Il palazzo Locmaria, la casa e i suoi annessi nella sua interezza, così come il pavimento del cortile e dei vecchi giardini, come delimitato sul piano annesso al decreto (Box ZX 17, 18 e 104): iscrizione con decreto del 20 dicembre 2019

Dati chiave

Jan Le Cerff - Proprietario iniziale Possessore alla fine del XIV secolo
Catherine du Ménez - Proprietario iniziale Moglie di Jan Le Cerff
Jan du Bois - Erede nel XV secolo Proprietario con Adelize du Vieuxchastel
Olivier Thomas - Proprietario dal 2008 Acquirente e catering

Origine e storia

Locmaria Manor House, situata nella città di Locmaria nel comune di Carnoët (Côtes-d'Armor), è un monumento storico registrato nel 2019 con i suoi annessi. Alla fine del XIV secolo apparteneva a Jan Le Cerff e Catherine du Ménez, poi passò per eredità e matrimonio alle famiglie del Bois, Lémo, Cleuz du Gage e Kerouarz. Venduto come proprietà nazionale sotto la Rivoluzione, è stato acquistato nel 2008 da Olivier Thomas, che ha intrapreso il suo restauro completo utilizzando esclusivamente tecniche artigianali tradizionali.

Gli scavi archeologici rivelarono oggetti risalenti al Paleolitico (utensili di pietra, perle) e manufatti del XV e XVI secolo (potterie, occhiali, proiettili di armi da fuoco). Il sito comprende anche resti precedenti: un vallum Gallico, una stele Gaulish, una fontana lavata romana, e una motte feudale nelle vicinanze. La cappella Notre-Dame de Locmaria, ora estinta, era legata al palazzo, i cui signori erano i suoi fondatori.
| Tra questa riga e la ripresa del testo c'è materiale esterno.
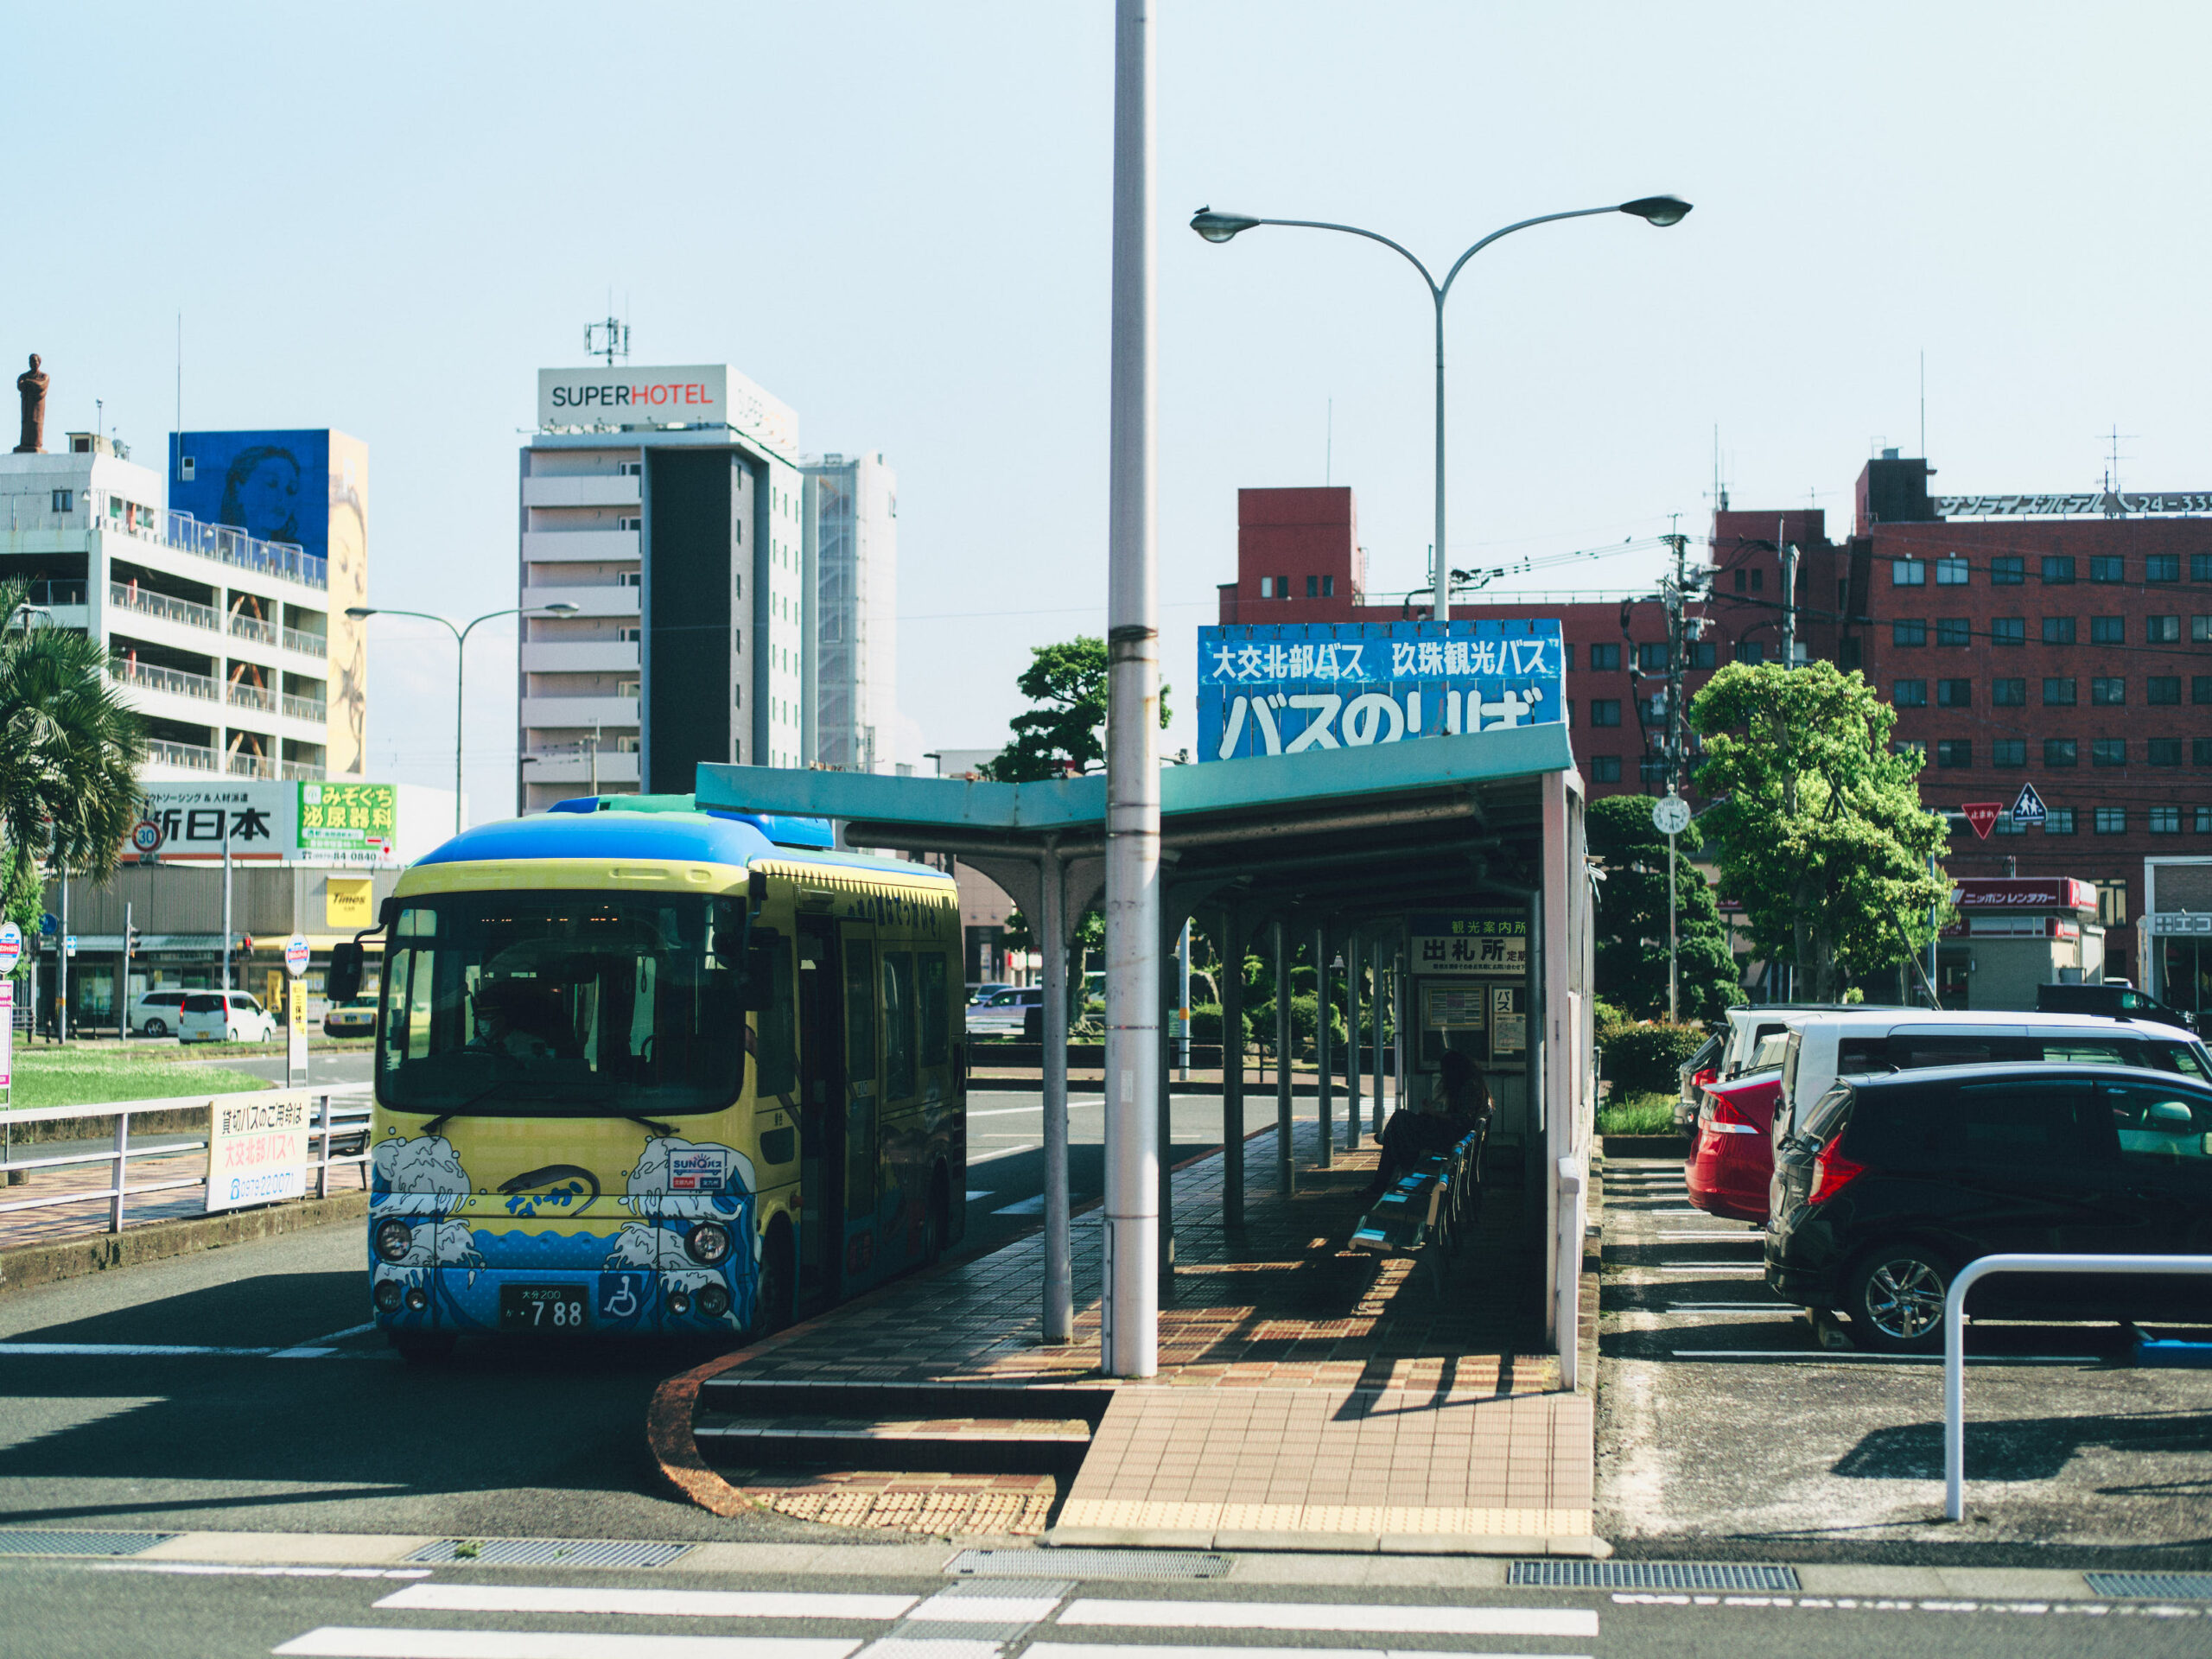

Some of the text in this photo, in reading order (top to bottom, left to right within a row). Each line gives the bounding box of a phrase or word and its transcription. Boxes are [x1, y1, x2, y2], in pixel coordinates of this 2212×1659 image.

[1211, 640, 1548, 679] 大交北部バス 玖珠観光バス
[1218, 686, 1544, 760] バスのりば
[321, 786, 393, 807] みぞぐち
[303, 805, 392, 830] 泌尿器科
[1971, 809, 1994, 820] 止まれ
[137, 829, 155, 844] 30
[334, 892, 366, 904] Times
[1452, 920, 1526, 934] 観光案内所
[1422, 938, 1505, 962] 出札所
[1497, 990, 1510, 1011] バス
[222, 1102, 302, 1135] 貸切バスのご用命は
[225, 1134, 296, 1169] 大交北部バスへ
Architettonicamente, il palazzo forma un insieme completo tipico della Gran Bretagna centrale, con case signorili, fienile, stabile, henhouse, stabile e due cortili (alti e bassi) chiusi da pareti. La porta monumentale, l'antico pozzo e l'apparato scisto, arenaria e granito testimoniano la sua importanza storica. Il lavoro di restauro, che è ancora in corso, mira a preservare la sua autenticità, come dimostrano gli articoli di stampa locali e le distinzioni ricevute (medale del VMF nel 2015).

Il sito è segnato anche da elementi di patrimonio circostante, come il mulino Locmaria (oggi il mulino Poulmic) e un calvario restaurato di fronte alla cappella di Penity. Un dettagliato studio storico è stato pubblicato nel Kaier ar Poher, una revisione del centro di genealogia e storia Poher, consolidando il suo valore documentario.

Olivier Thomas, attuale proprietario, è stato lodato per il suo impegno a salvaguardare il patrimonio, come testimoniano i numerosi articoli stampa tra il 2013 e il 2019. La casa padronale, occasionalmente aperta al pubblico, illustra sia la storia feudale di Breton che le sfide contemporanee del restauro del patrimonio.

Gli elementi protetti dalla registrazione 2019 includono la casa, annessi, pavimenti in cortile e vecchi giardini, sottolineando l'importanza di preservare tutto questo. Le scoperte archeologiche e i resti circostanti (sterza greca, fontana romana) lo rendono un sito multidimensionale, che va dalla preistoria ai tempi moderni.